L’album qui porte le numéro 86 a été compilé par le capitaine William Heriot Maitland (1819-1890), Elizabeth-Kinnear Stark Dougall (1824-1900) et leurs quatre enfants entre le milieu des années 1860 et 1880 environ. La période coïncide avec l’apogée du négatif sur verre au collodion, une technique dont les meilleures performances requièrent de sensibiliser, d’exposer et de développer le négatif tandis que l’émulsion est encore humide. Inaccessible au plus grand nombre en raison de sa complexité et du coût du matériel, le procédé était alors essentiellement pratiqué par des photographes professionnels. L’immense majorité des 541 tirages qui constituent l’album 86 sont d’ailleurs issus d’ateliers de photographie commerciale. Ils mêlent des portraits des Maitland Dougall et de leur entourage à des photographies acquises par le fils aîné, William, au gré des escales de son service dans différentes flottes impériales.
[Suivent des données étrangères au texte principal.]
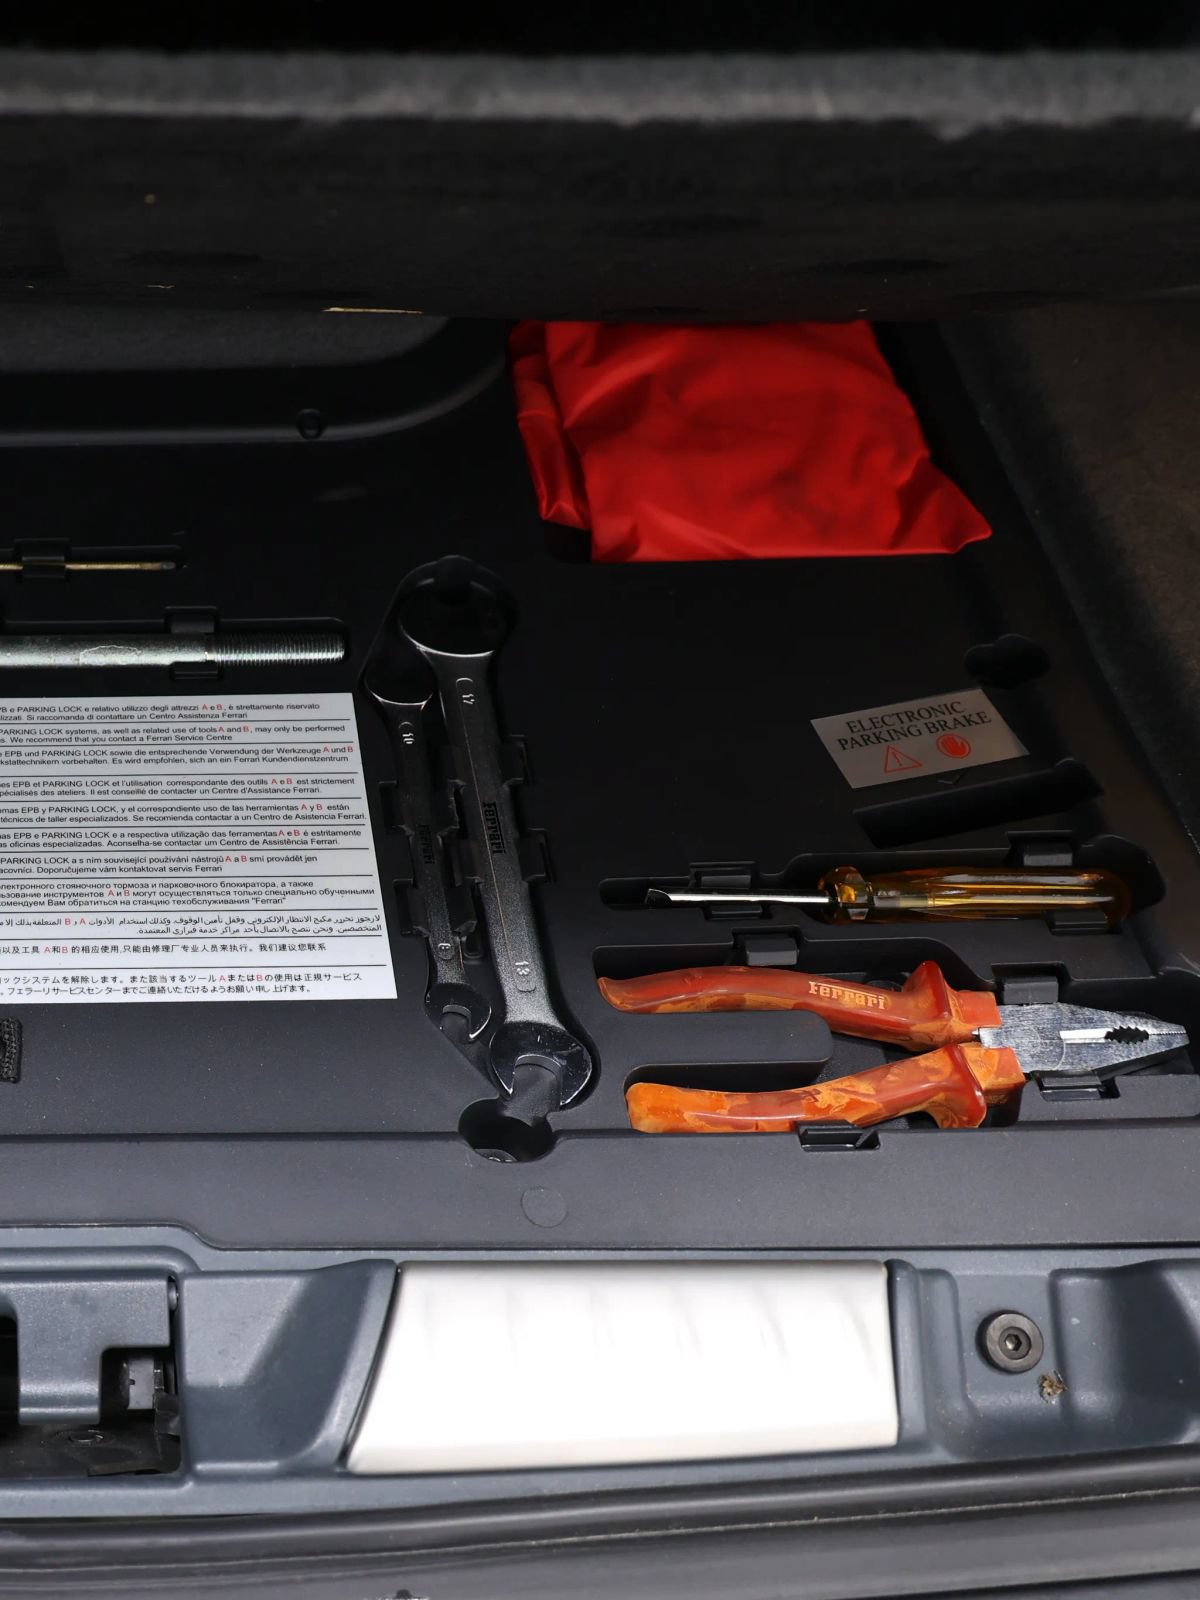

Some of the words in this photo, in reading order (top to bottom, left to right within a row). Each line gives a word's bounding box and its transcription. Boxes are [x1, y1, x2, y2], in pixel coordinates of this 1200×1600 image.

Ces deux types d’images se font généralement face sur les doubles pages de l’album et, bien que les portraits dominent par le nombre, les formats plus imposants des vues de voyage confèrent une place prépondérante à l’empire britannique et à son bras armé, la Royal Navy (fig. 1).

1. La famille Maitland Dougall et le port militaire de la Royal Navy aux Bermudes, p. 16-17, album 86, vers 1865-1880, collection Maitland Dougall. © University of St Andrews Special Collections.
1. La famille Maitland Dougall et le port militaire de la Royal Navy aux Bermudes, p. 16-17, album 86, vers 1865-1880, collection Maitland Dougall. © University of St Andrews Special Collections.

Les albums photographiques de famille sont des objets discursifs complexes qui se situent dans un espace liminal entre la sphère privée et la sphère publique, entre l’histoire et la fiction et, selon Martha Langford, « entre la généalogie et la saga ». Les discours véhiculés par les albums sont rarement explicites, étant le plus souvent activés oralement par un membre de la famille dépositaire de la mémoire collective. Si les albums de famille deviennent particulièrement hermétiques lorsque cette mémoire est perdue, il est toutefois possible d’en interpréter les vestiges narratifs à travers la sélection des photographies, leur agencement, les annotations qui les complètent et la mise en pages de l’album.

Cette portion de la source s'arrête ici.